Novel Pathogenic Variants Leading to Sporadic Amyotrophic Lateral Sclerosis in Greek Patients

Abstract

Amyotrophic lateral sclerosis (ALS) is a rapidly progressive disease that affects motor neurons, leading to paralysis and death usually 3-5 years after the onset of symptoms. The investigation of both sporadic and familial ALS highlighted four main genes that contribute to the pathogenesis of the disease: SOD1, FUS, TARDBP and C9orf72. This study aims to provide a comprehensive investigation of genetic variants found in SOD1, FUS and TARDBP genes in Greek sporadic ALS (sALS) cases. Our sequencing analysis of the coding regions of the abovementioned genes that include the majority of the variants that lead to ALS in 32 sALS patients and 3 healthy relatives revealed 6 variants in SOD1, 19 variants in FUS and 37 variants in TARDBP, of which the SOD1 p.D90A and the FUS c.*356G>A (rs886051940) variants have been previously associated with ALS, while two novel nonsense pathogenic variants were also identified, namely FUS p.R241* and TDP-43 p.Y214*. Our study contributes to the worldwide effort toward clarifying the genetic basis of sALS to better understand the disease's molecular pathology.

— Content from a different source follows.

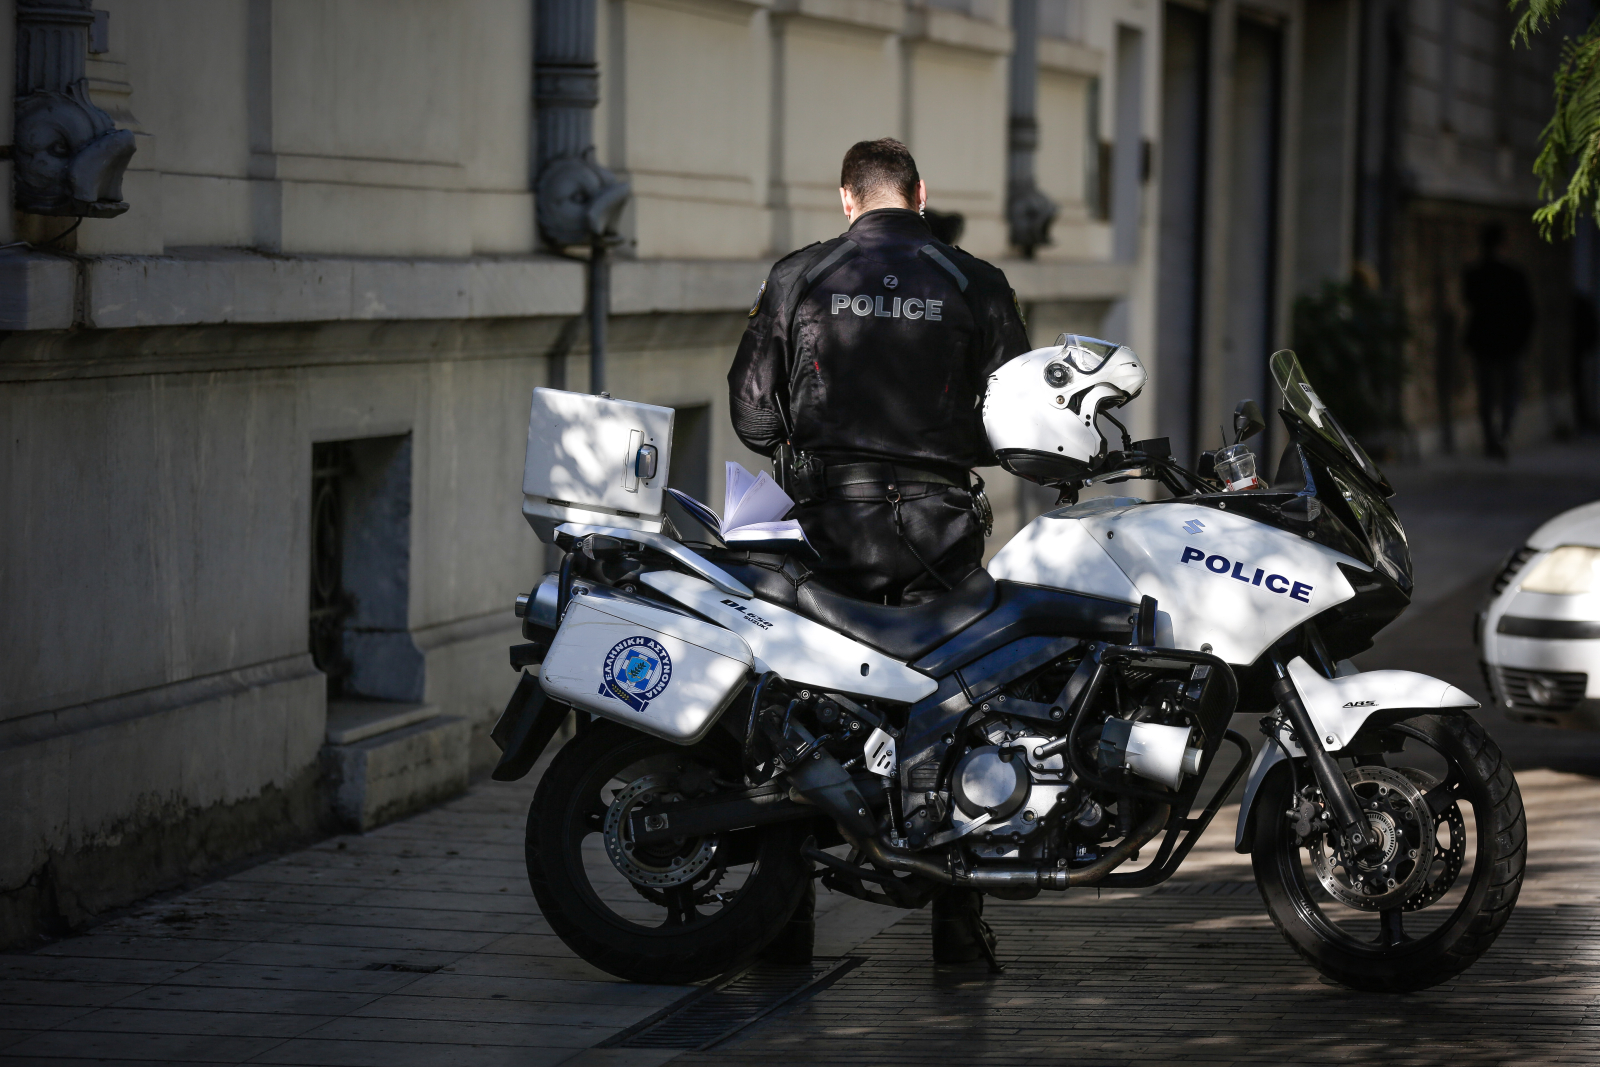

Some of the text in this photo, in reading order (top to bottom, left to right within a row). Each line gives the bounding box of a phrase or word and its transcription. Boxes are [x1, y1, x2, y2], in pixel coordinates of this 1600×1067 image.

[831, 293, 943, 321] POLICE
[1180, 546, 1313, 604] POLICE
[743, 615, 769, 631] SUZUKI

Keywords: FUS; SOD1; TARDBP; amyotrophic lateral sclerosis; genetics; genomic variants; sporadic ALS.

Figure 1

Inheritance tree diagrams of three patient–healthy relative pairs show the inheritance pattern of FUS variants. (a) Variant c.264A>G was found in healthy individual ALS-59, but not patient ALS-58. (b) Variants c.184G>C and c.221G>T were found in patient ALS-66 but not in their healthy daughter ALS-67. (c) Variants c.*356G>A and c.*446G>A were found in healthy individual ALS-71, but not in patient ALS-72.

Figure 2

Inheritance tree diagrams of three patient–healthy relative pairs show the inheritance pattern of TARDBP variants. Bold indicates variants inherited from an ALS patient to healthy offspring. (*) indicate variants that are common in patients but not in healthy individuals.